To make the template, draw around the hinge, add on the offset and carefully cut out. Stick on with double sided carpet tape.

Cheers

Gidon


----------



## Derek Willis. (25 Nov 2008)

If you buy the C.M.T. Milling cutter with top bearing you will not need to use bushes or worry about offsets.
Just make a cutout in your jig the exact size of the butt hinge and rout out with the C.M.T. cutter which is 12mm dia.the bearing will follow the jig cutout and your recess will be exact.
Derek.


----------



## busy builder (25 Nov 2008)

I too made acouple for 75mm and 100mm, the wanted one for 5" as well, so after carting these about I decided to buy a quality alluminium adjustable type. easy to adust for door thickness and size of hinge. it also comes in handy for other stuff.

Same as this Item number: 130253086711 on ebay but I got mine from local hardware shop for a bargain £12 in a sale.

very well made too.


----------



## Digit (25 Nov 2008)

It seems that many of us use a hinge cutting jig, but unless I've missed something, nobody has mentioned cutting the matching recess in the door frame.

Roy.


----------



## joiner_sim (25 Nov 2008)

I have made one out of ply as well, great if you're like me and always use the same sizes hinges. My template is made so it can be just put against the bottom or top of the door and thats where the location of the hinge needs to be, so no marking out either. With the jig being slightly longer, I can just clamp it on and away i go using Makita trimmer.


----------



## joiner_sim (25 Nov 2008)

Digit":1irs9ddu said:


> It seems that many of us use a hinge cutting jig, but unless I've missed something, nobody has mentioned cutting the matching recess in the door frame.
> 
> Roy.



I suppose you could make one. If the frame is a rebated one, have a template on batton of some kind?


----------



## wizer (25 Nov 2008)

I got this a few years back and it's terrible. 
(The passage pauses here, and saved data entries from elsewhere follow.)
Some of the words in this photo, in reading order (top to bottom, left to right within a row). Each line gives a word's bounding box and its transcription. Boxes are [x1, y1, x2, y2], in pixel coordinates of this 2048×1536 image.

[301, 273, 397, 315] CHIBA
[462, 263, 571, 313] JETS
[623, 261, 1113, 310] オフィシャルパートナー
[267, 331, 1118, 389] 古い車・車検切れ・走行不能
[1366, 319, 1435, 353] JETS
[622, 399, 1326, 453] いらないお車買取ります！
Typical Dakota rubbish, I should have learned my lesson back then. The bit was the main culprit, I've kept it and will use it with a guide collar next time


----------



## Another Dave (25 Nov 2008)

Wizer, I've got one of those, as has my workmate, and we both think they are great!
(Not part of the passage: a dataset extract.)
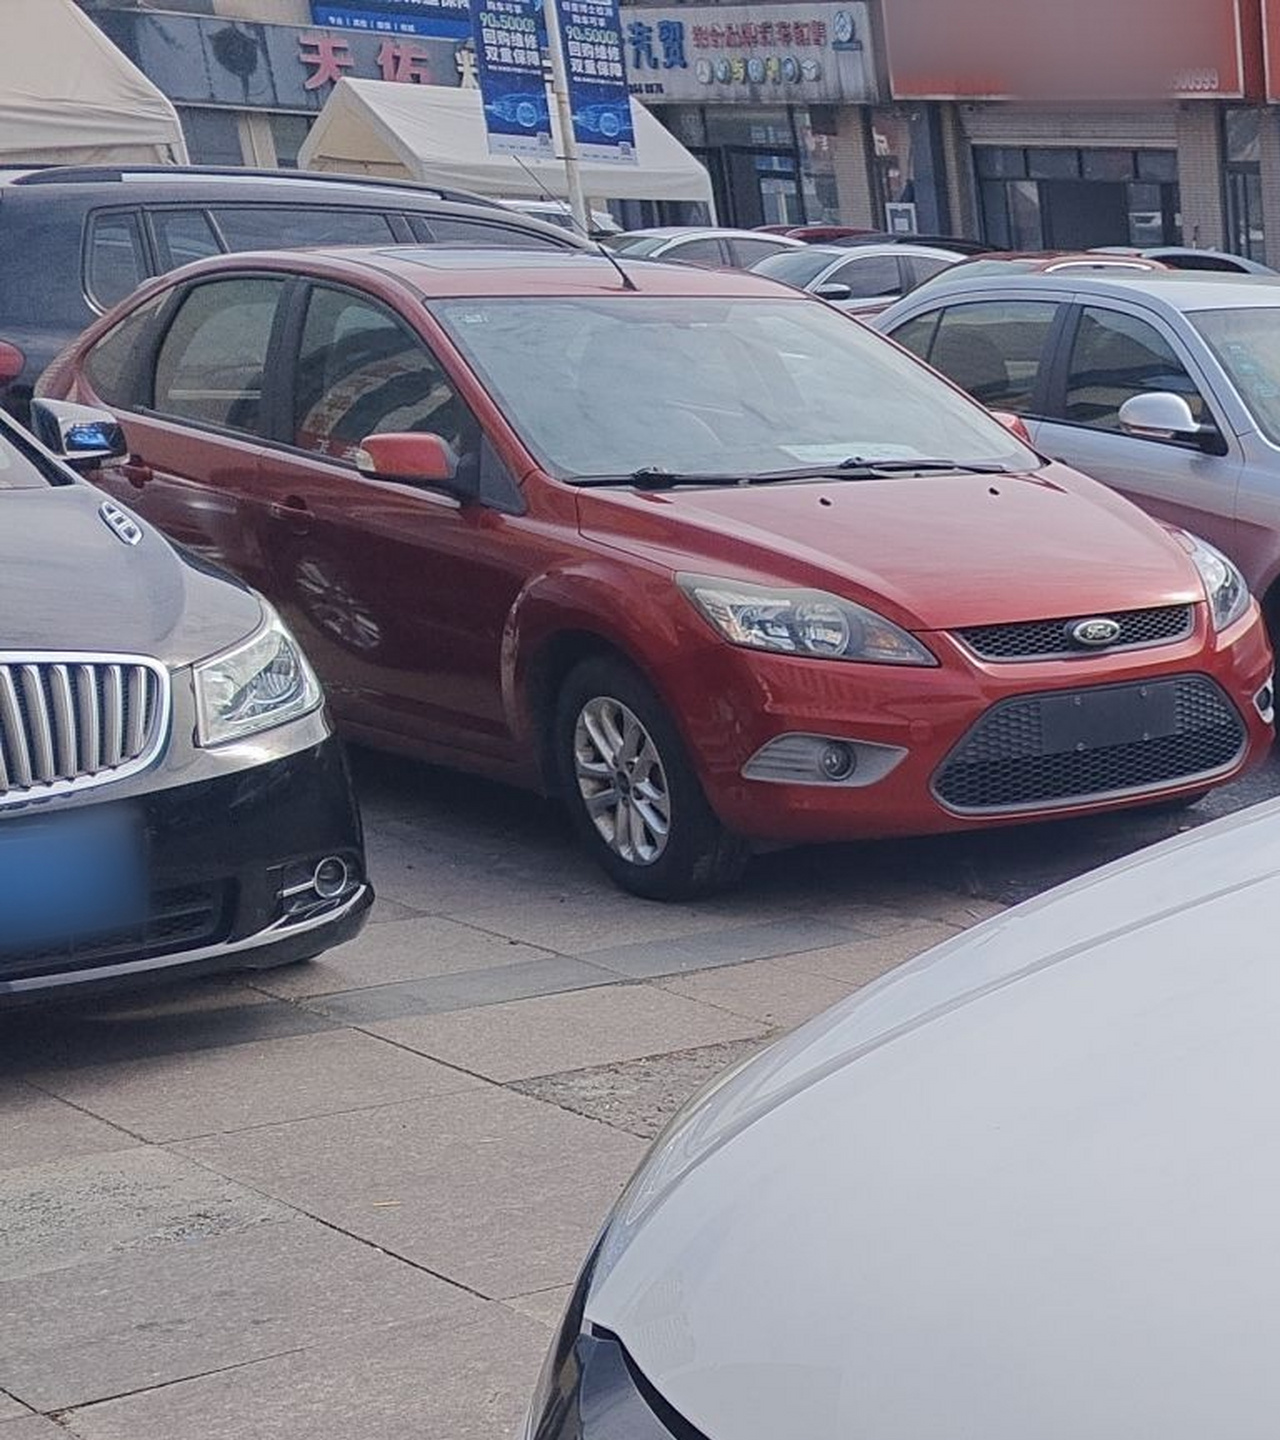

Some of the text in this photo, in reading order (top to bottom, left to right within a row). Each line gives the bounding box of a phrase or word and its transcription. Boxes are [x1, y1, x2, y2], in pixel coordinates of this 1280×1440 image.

[482, 28, 538, 49] 回购维修
[484, 46, 541, 67] 双重保障
[568, 41, 620, 61] 回购维修
[570, 58, 623, 78] 双重保障
easily adjusted and it stays set. It is also versatile enough to use for other rebates and mortices besides the shallow hinge recesses.

Wouldn't be without it now.


----------



## wizer (25 Nov 2008)

Do you use it with the bearing bit that came with it? Mine was terrible, disintegrated.


----------



## Digit (25 Nov 2008)

Fortunately Simon I don't hang doors professionally so my method is based on my requirements.
I have a perspex jig that attaches to a piece of Ally angle so that it can be clamped to either door or frame.
I pin a lathe to the inside of the reveal, clamp the jig against the lathe's lower end and cut the recess. I now pin a longer lathe to the reveal, move the jig down to locate on the lathe, clamp, then cut recess.
I have another lathe 3mill shorter than the top one used in the reveal, this is pinned to the edge of the door, the jig located against it and the recess cut. Next I pin the long lathe to the door, move the jig down to locate against the lathe and cut the recess.
Bingo! One pair of hinge recess in perfect alignment.
I use another jig to set the hinge so that the pivot protrudes from the reveal and the door by the same amount.
One of the greatest aids IMO is one of AX's hinge centering drills.

Roy.


----------



## Another Dave (25 Nov 2008)

Wizer, 

It never came with a bit IIRC, and I've always used it with a guide bush with great success on both Dewalt and Bosch routers.


----------



## Another Dave (25 Nov 2008)

.


> Digit wrote:
> It seems that many of us use a hinge cutting jig, but unless I've missed something, nobody has mentioned cutting the matching recess in the door frame.
> 
> Roy.



The thing is many times it's a replacement door your hanging, so it's only the door that needs recessed to match the existing frame.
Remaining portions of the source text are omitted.